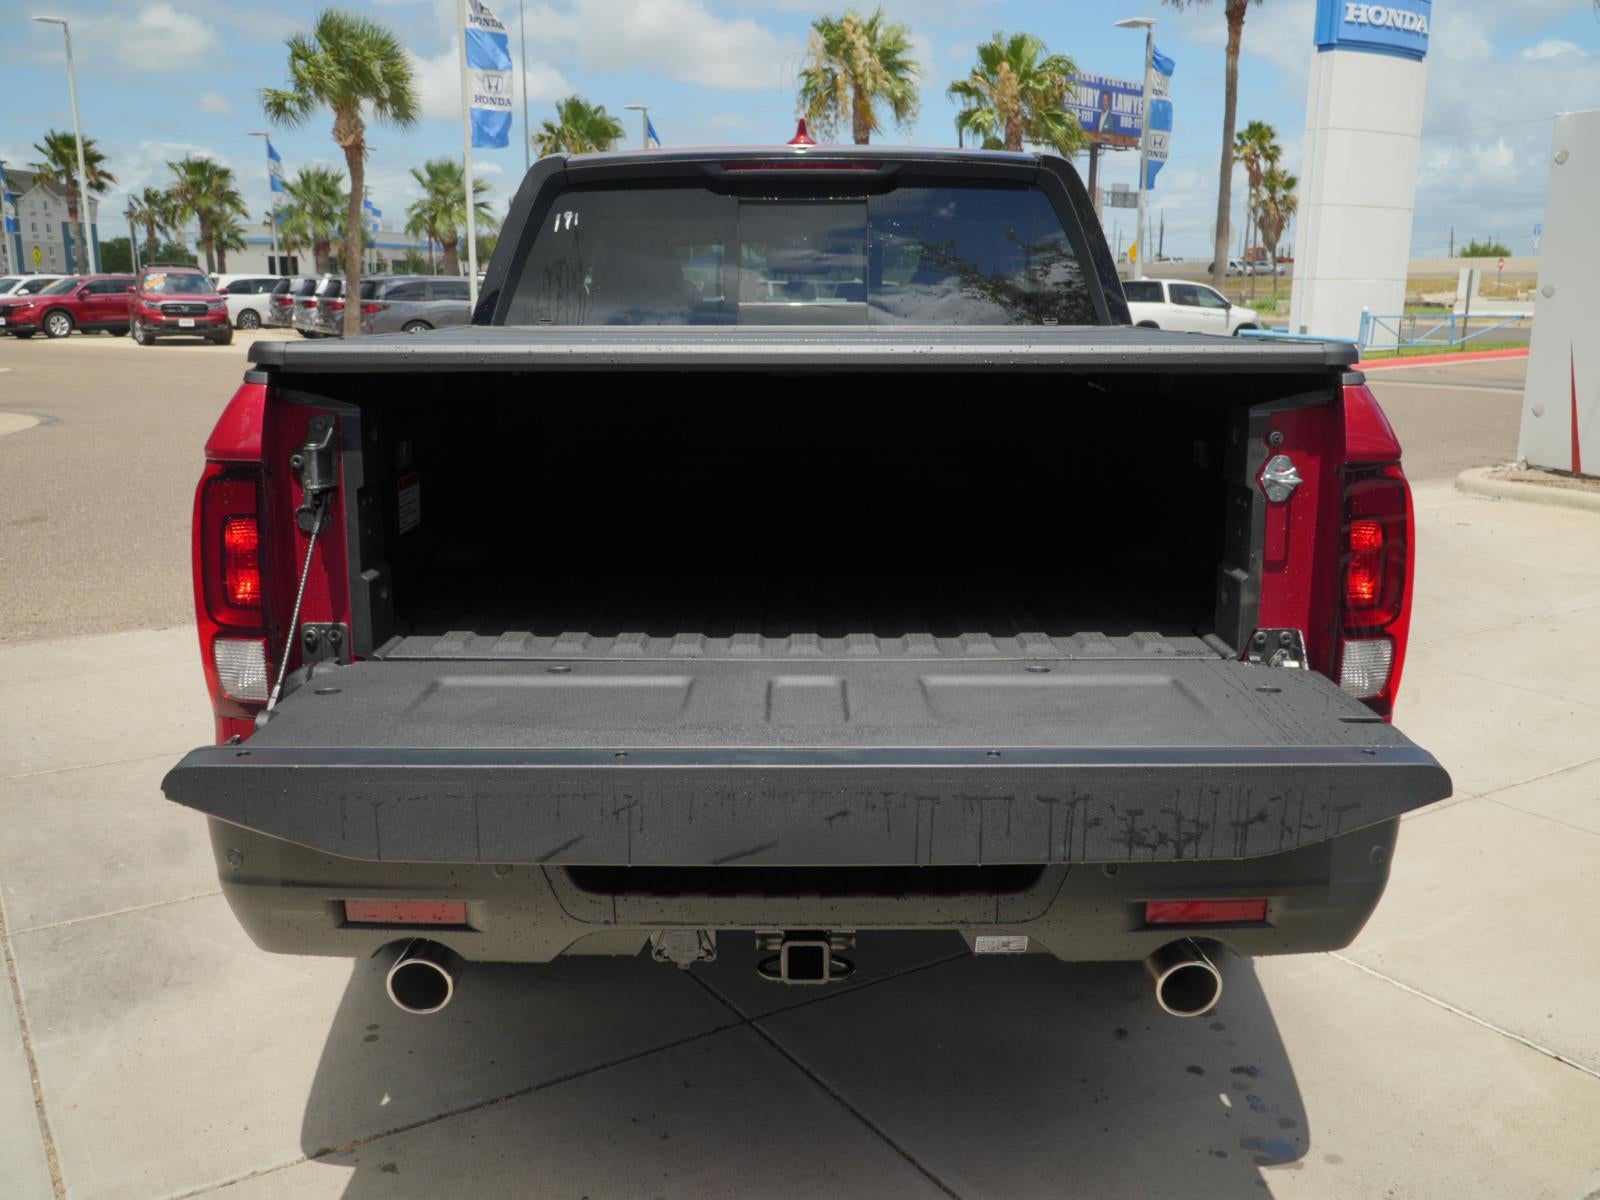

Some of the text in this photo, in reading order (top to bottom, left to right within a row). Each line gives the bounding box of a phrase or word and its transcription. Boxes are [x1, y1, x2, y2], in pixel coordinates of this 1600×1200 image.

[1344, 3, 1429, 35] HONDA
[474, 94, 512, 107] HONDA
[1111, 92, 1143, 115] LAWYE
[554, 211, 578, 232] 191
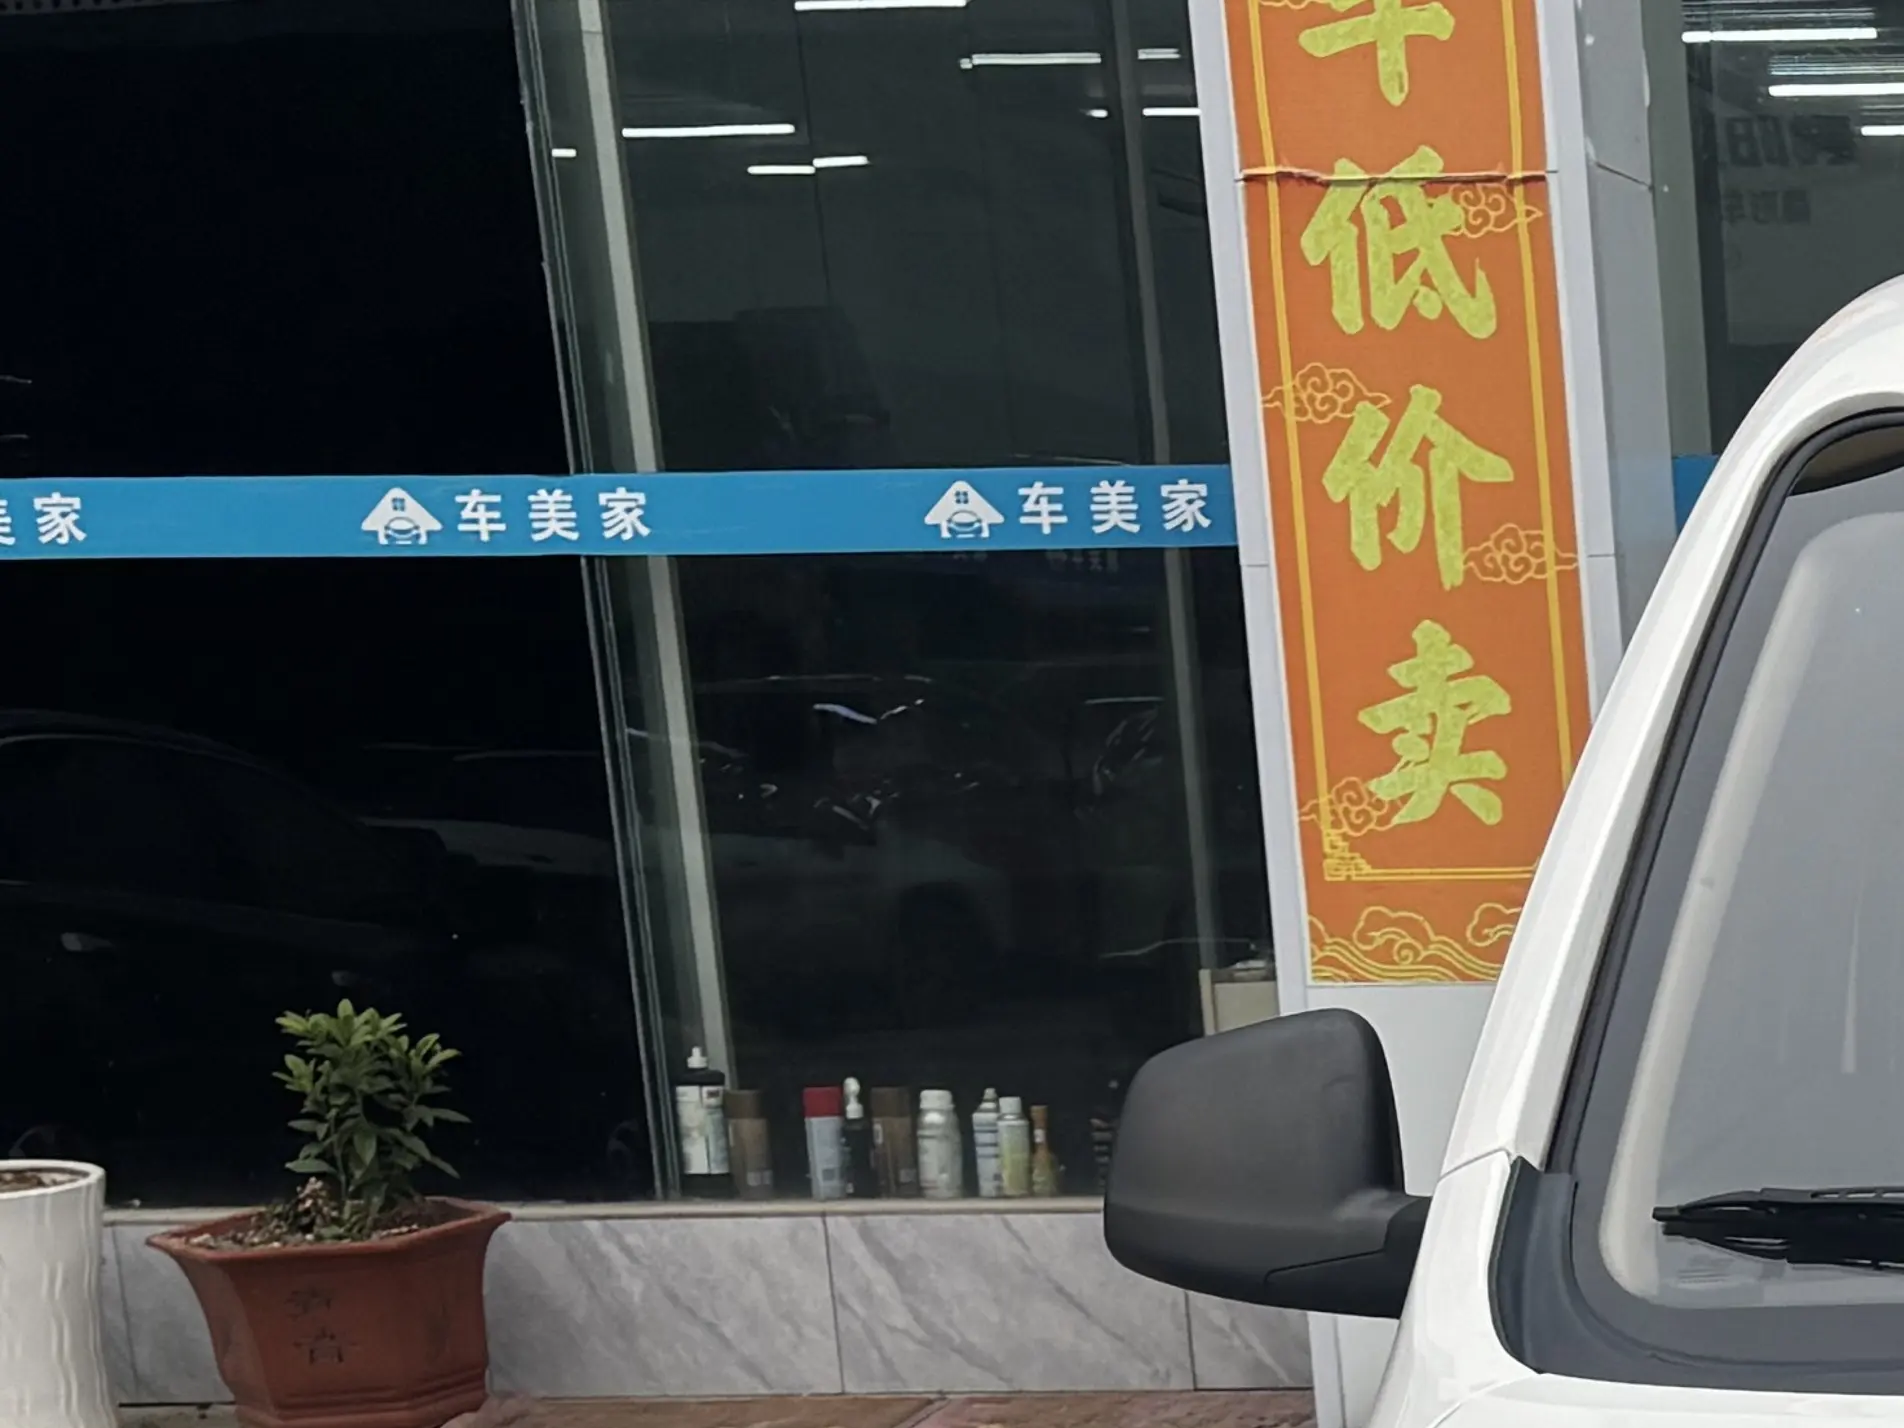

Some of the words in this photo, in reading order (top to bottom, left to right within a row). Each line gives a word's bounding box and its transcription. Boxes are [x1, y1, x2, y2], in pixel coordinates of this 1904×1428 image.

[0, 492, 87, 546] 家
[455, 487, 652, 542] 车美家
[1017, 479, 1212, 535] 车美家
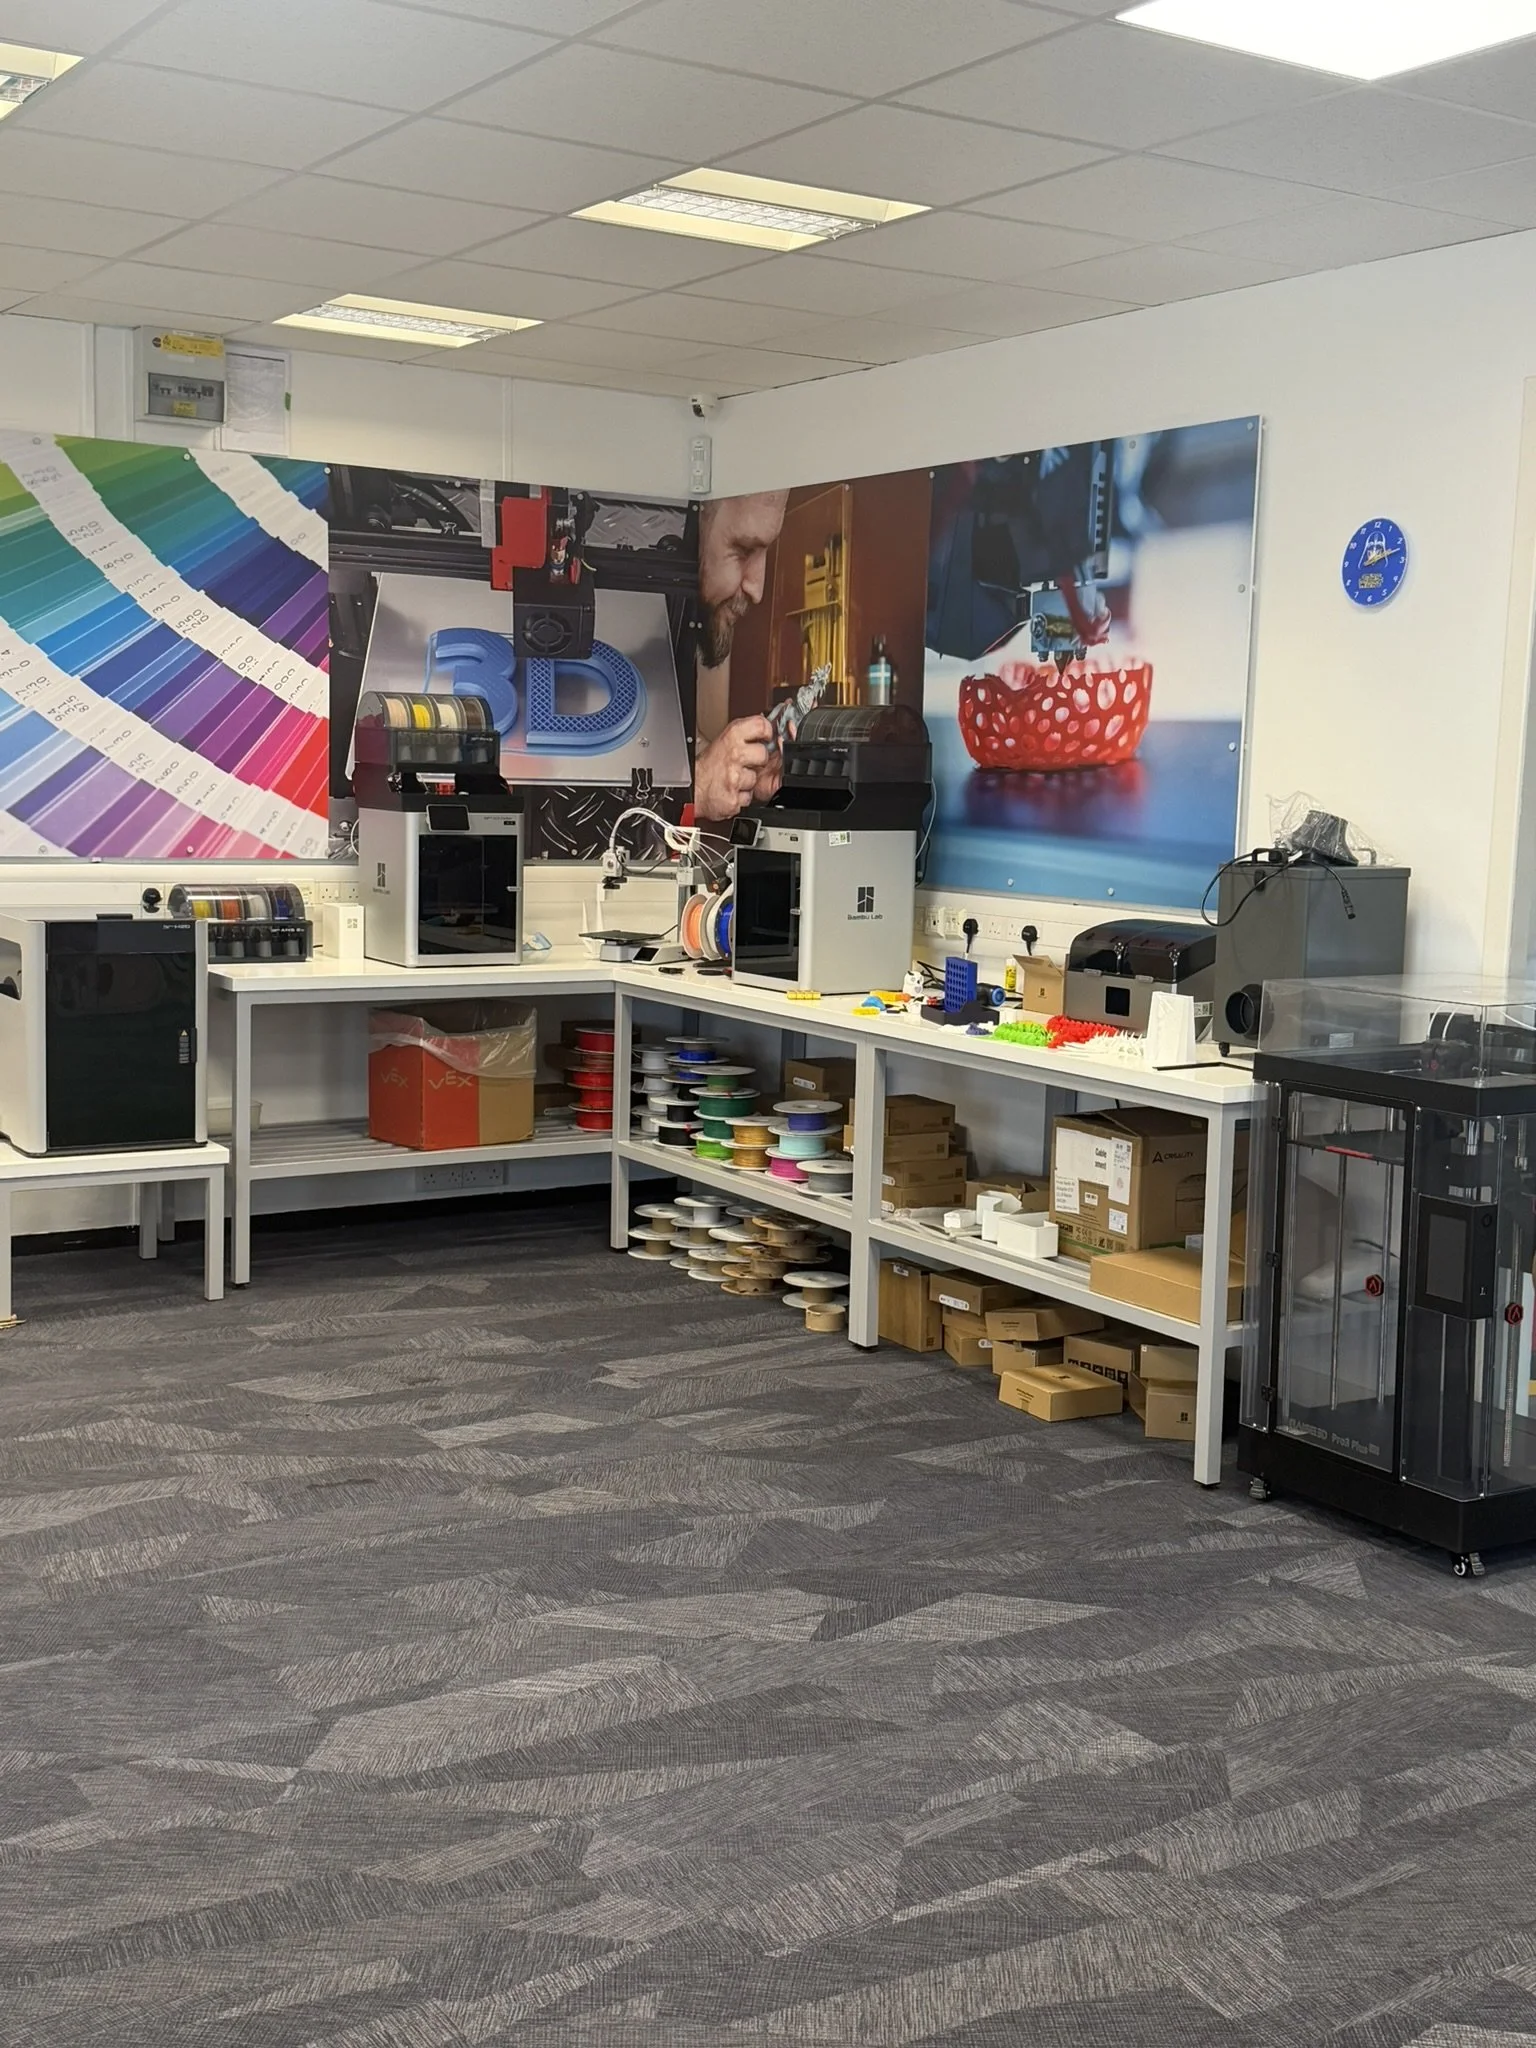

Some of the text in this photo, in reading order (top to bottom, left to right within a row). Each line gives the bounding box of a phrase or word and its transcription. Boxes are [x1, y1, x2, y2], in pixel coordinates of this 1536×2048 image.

▶ [Exercise directions] Write each entry again exactly, minus any images.

▶ [Result of the exercise]
Some of the text in this photo, in reading order (top to bottom, left to right within a row). Each line gives the bounding box of a phrase or word and its transcription. Boxes are [x1, y1, x2, y2], in pixel coordinates of this 1600×1200 image.

[1344, 3, 1429, 35] HONDA
[474, 94, 512, 107] HONDA
[1111, 92, 1143, 115] LAWYE
[554, 211, 578, 232] 191

Some of the words in this photo, in reading order (top to bottom, left to right within a row). Each line gives a word's bounding box and its transcription. Boxes are [x1, y1, x2, y2], in pixel coordinates of this 1904×1428 image.

[0, 492, 87, 546] 家
[455, 487, 652, 542] 车美家
[1017, 479, 1212, 535] 车美家

Some of the text in this photo, in reading order (top to bottom, left to right within a row). Each line gives the bounding box of a phrase or word and its transcription. Boxes are [x1, y1, x2, y2], in pixel coordinates of this 1536×2048 image.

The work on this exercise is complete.